Еще месяц назад Филипп с ужасом прогнал бы подобные мысли, но сегодня принял их с величайшим спокойствием. Бывали минуты, как, скажем, сейчас, когда он с каким-то странным и отчасти мрачным удовольствием видел себя в подлинном свете. После той ночи на берегу Сены что-то в нем умерло; он знал это. Даже имя Филипп уже никак не вязалось с человеком, известным ему раньше. Разумеется, жизнь не любительница молниеносных перемен. Внезапно обнаруживаешь, что ты уже не тот, хотя перемены совершаются незаметно, в течение многих лет. Со вздохом Филипп спросил себя, в какой именно момент, в какую секунду начались эти перемены. Когда его окликнула та женщина?.. Нет, много, много раньше, когда он дрожащими руками хватался за повод лошади… Возможно, даже еще раньше. Он не забыл и не забудет своих детских страхов, страха перед отцом, этого почти сверхъестесхвенного страха, и до сих пор дающего себя знать. Всякий раз, когда в этом зале он брал слово, внутренний, одному Филиппу слышный, голос приказывал ему замолчать. Поэтому, излагая перед присутствующими те или иные соображения, он мямлил, менялся в лице, багровел от стыда, чувствуя на себе презрительные взгляды друзей покойного отца. Сердце начинало биться быстрее, словно надвигалась опасность. Догадывались ли они об этом? Знают ли? И если этот вопрос выводил его из себя, то сегодня впервые в жизни он спокойно подумал: «А как же иначе? Конечно, знают, знают, что я их боюсь».

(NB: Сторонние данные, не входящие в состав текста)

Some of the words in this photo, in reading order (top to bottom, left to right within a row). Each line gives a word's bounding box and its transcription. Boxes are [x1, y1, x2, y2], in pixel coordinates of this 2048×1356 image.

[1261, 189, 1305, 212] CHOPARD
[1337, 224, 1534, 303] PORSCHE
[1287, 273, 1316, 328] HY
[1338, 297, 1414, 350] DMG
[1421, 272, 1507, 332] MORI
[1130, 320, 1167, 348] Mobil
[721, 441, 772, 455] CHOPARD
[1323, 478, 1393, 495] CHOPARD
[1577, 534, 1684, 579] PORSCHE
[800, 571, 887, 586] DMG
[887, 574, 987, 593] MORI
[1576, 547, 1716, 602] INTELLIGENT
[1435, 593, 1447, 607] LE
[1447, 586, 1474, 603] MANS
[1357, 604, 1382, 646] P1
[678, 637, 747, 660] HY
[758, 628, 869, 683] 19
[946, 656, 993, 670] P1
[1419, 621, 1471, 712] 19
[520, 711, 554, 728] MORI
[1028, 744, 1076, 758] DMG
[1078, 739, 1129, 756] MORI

Он поднял глаза к монументальному камину красного мрамора, похожего цветом на сырое мясо. Висевшее наклонно над камином зеркало в массивной раме отражало зал, длинный стол, покрытый зеленой материей, плешивые головы членов административного совета. Поискав глазами свое отражение, он увидел бледное лицо, и ему захотелось заговорщицки подмигнуть этому отражению, как соучастнику. Позади, в простенке между окнами, затянутыми тяжелыми занавесями лилового бархата, вымученно улыбался портрет основателя акционерного общества работы Бонна. Люстра разливала по залу погребальный свет, не достигавший до слишком высокого и казавшегося поэтому темным потолка.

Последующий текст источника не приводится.